Text-to-region grounding data
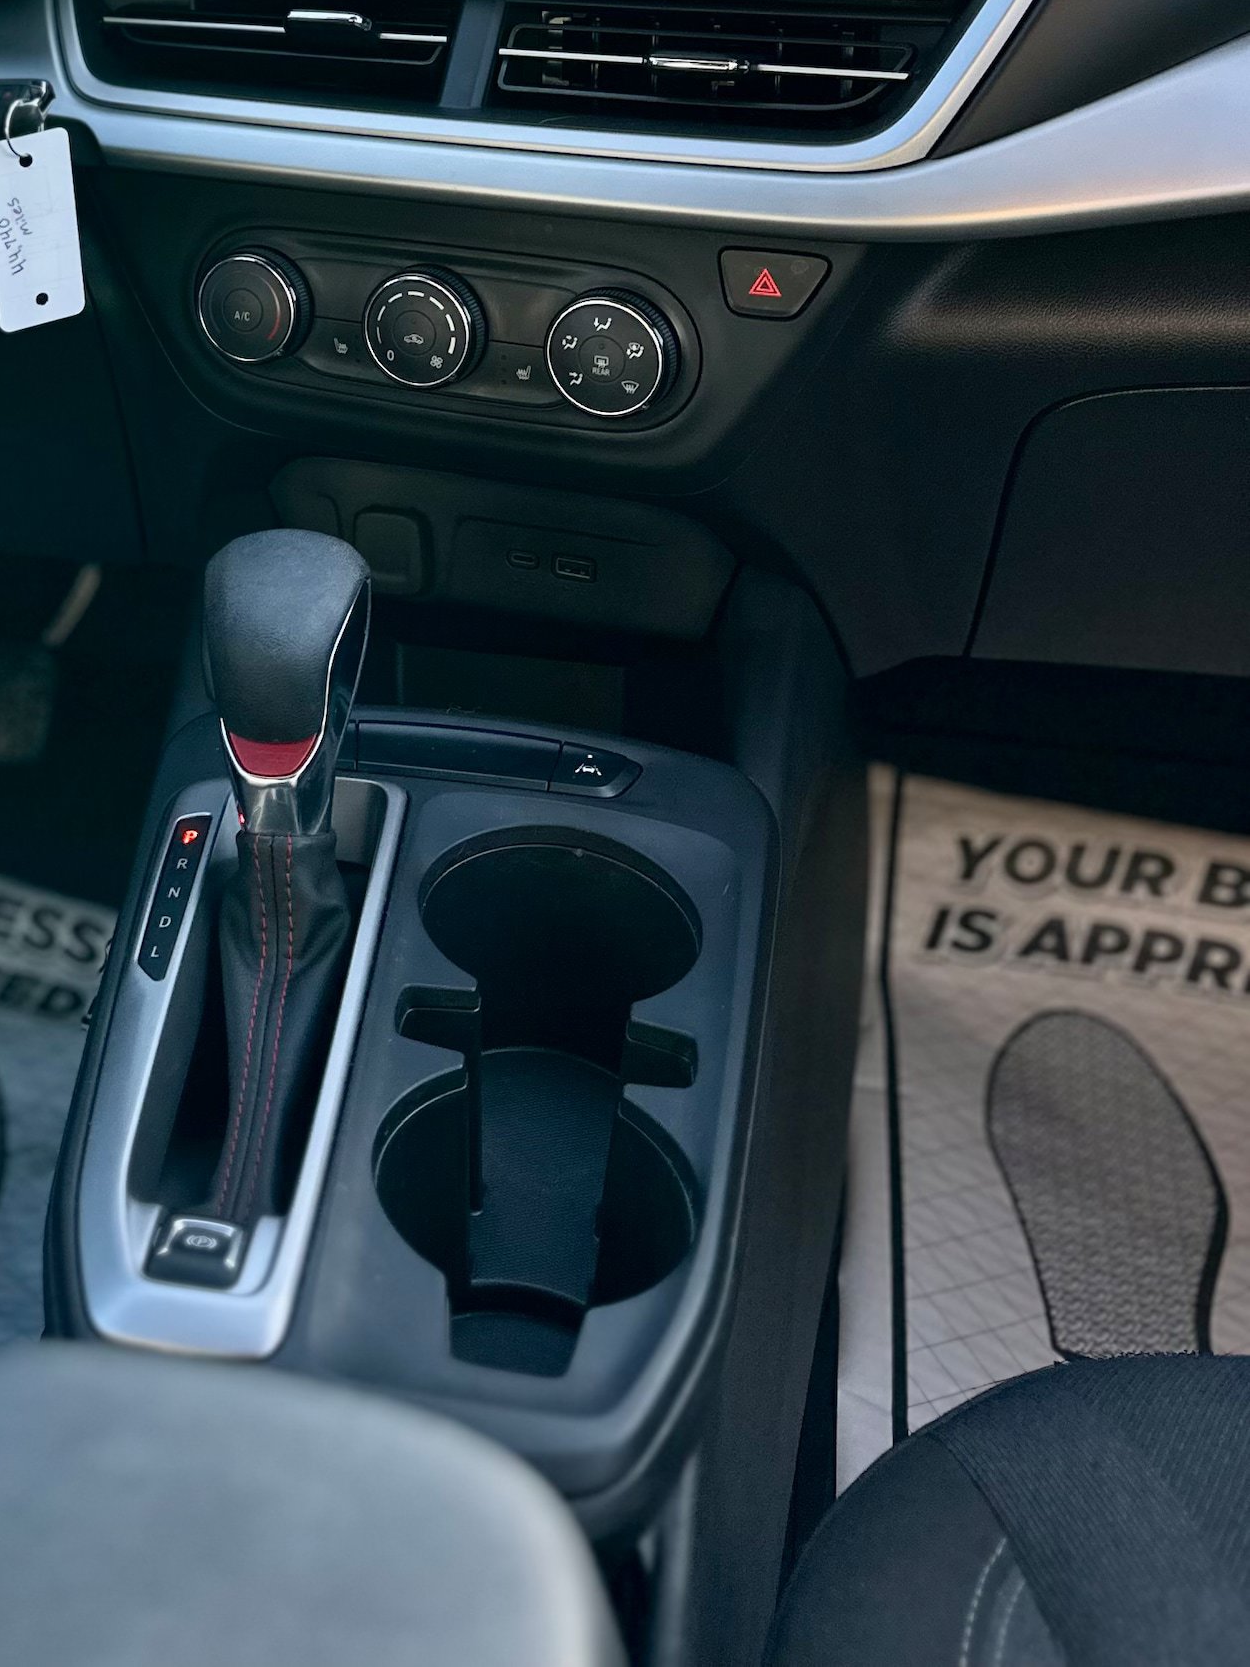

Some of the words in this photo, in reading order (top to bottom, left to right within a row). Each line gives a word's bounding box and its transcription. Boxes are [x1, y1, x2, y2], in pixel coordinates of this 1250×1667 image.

[234, 310, 251, 322] A/C
[592, 367, 610, 377] REAR
[182, 830, 199, 845] P
[176, 857, 188, 870] R
[956, 835, 1176, 898] YOUR
[167, 887, 181, 898] N
[158, 916, 172, 929] D
[150, 946, 160, 958] L
[925, 906, 999, 953] IS
[1017, 915, 1250, 995] APPR

- **Task prompt**: Transcribe the entries above verbatim, omitting their pictures.

- **Task response**:
Some of the words in this photo, in reading order (top to bottom, left to right within a row). Each line gives a word's bounding box and its transcription. Boxes are [x1, y1, x2, y2], in pixel coordinates of this 1250×1667 image.

[234, 310, 251, 322] A/C
[592, 367, 610, 377] REAR
[182, 830, 199, 845] P
[176, 857, 188, 870] R
[956, 835, 1176, 898] YOUR
[167, 887, 181, 898] N
[158, 916, 172, 929] D
[150, 946, 160, 958] L
[925, 906, 999, 953] IS
[1017, 915, 1250, 995] APPR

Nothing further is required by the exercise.